WORK TO COMPLETE:
Leaving the images aside, transcribe all the data below exactly.

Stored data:
+++

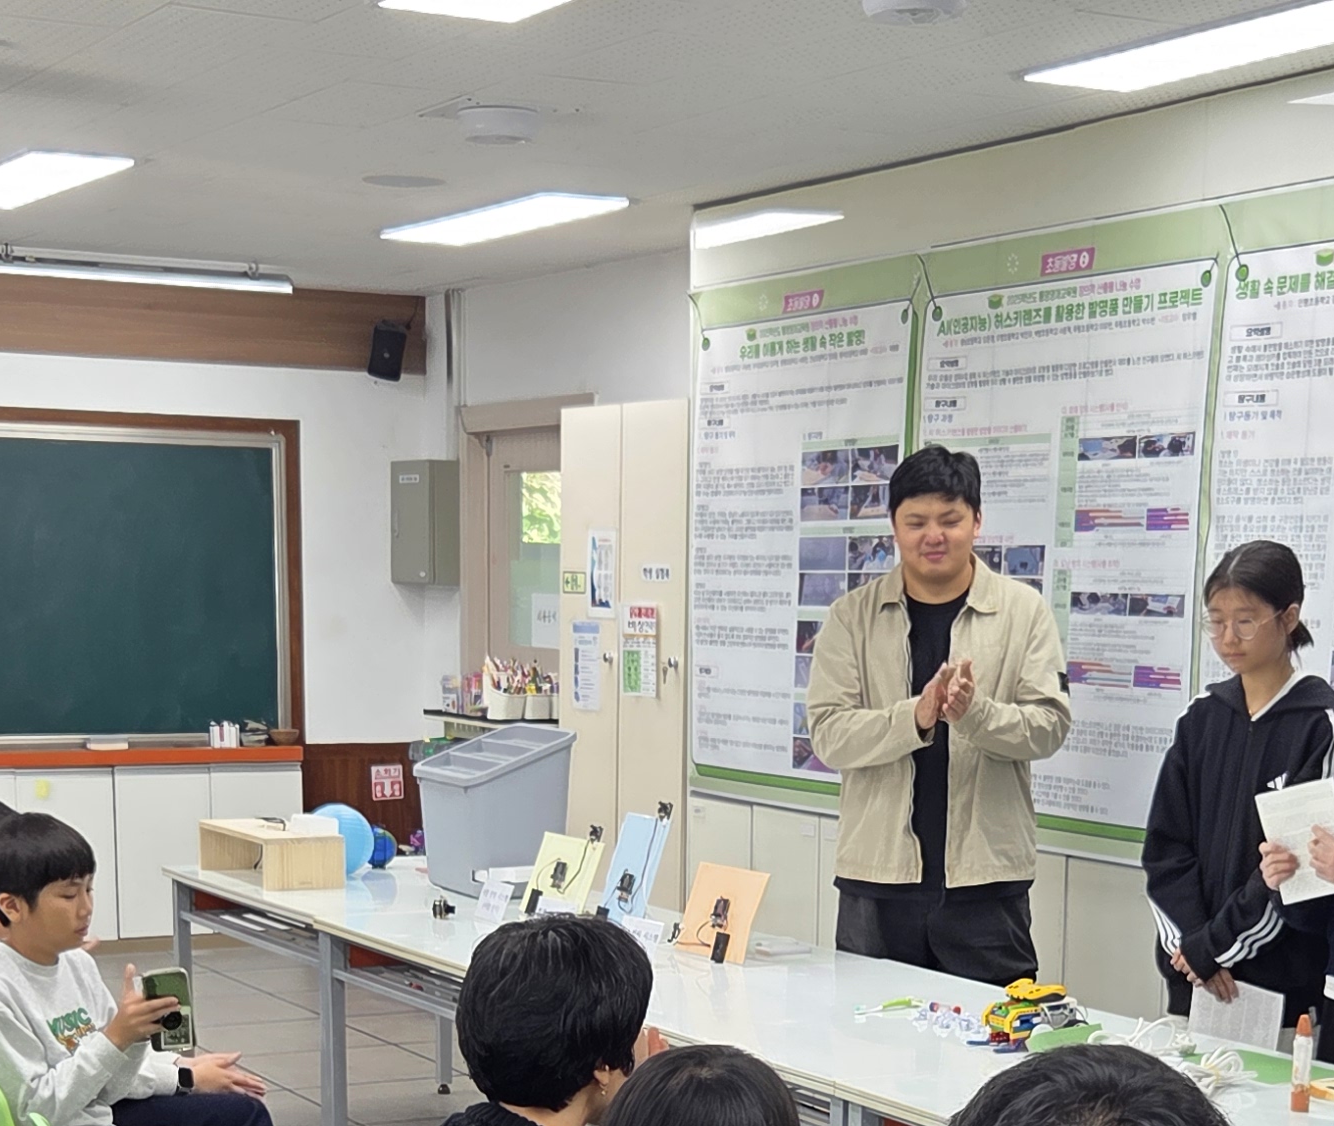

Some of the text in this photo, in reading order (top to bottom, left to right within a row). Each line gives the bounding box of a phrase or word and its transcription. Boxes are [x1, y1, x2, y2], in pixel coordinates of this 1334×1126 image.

[1235, 279, 1260, 300] 생활
[1264, 279, 1274, 297] 속
[1277, 272, 1311, 296] 문제를
[1055, 305, 1085, 323] 활용한
[1088, 300, 1119, 320] 발명품
[1122, 294, 1154, 316] 만들기
[1157, 287, 1204, 310] 프로젝트

+++

RESPONSE AREA:
Some of the text in this photo, in reading order (top to bottom, left to right within a row). Each line gives the bounding box of a phrase or word and its transcription. Boxes are [x1, y1, x2, y2], in pixel coordinates of this 1334×1126 image.

[1235, 279, 1260, 300] 생활
[1264, 279, 1274, 297] 속
[1277, 272, 1311, 296] 문제를
[1055, 305, 1085, 323] 활용한
[1088, 300, 1119, 320] 발명품
[1122, 294, 1154, 316] 만들기
[1157, 287, 1204, 310] 프로젝트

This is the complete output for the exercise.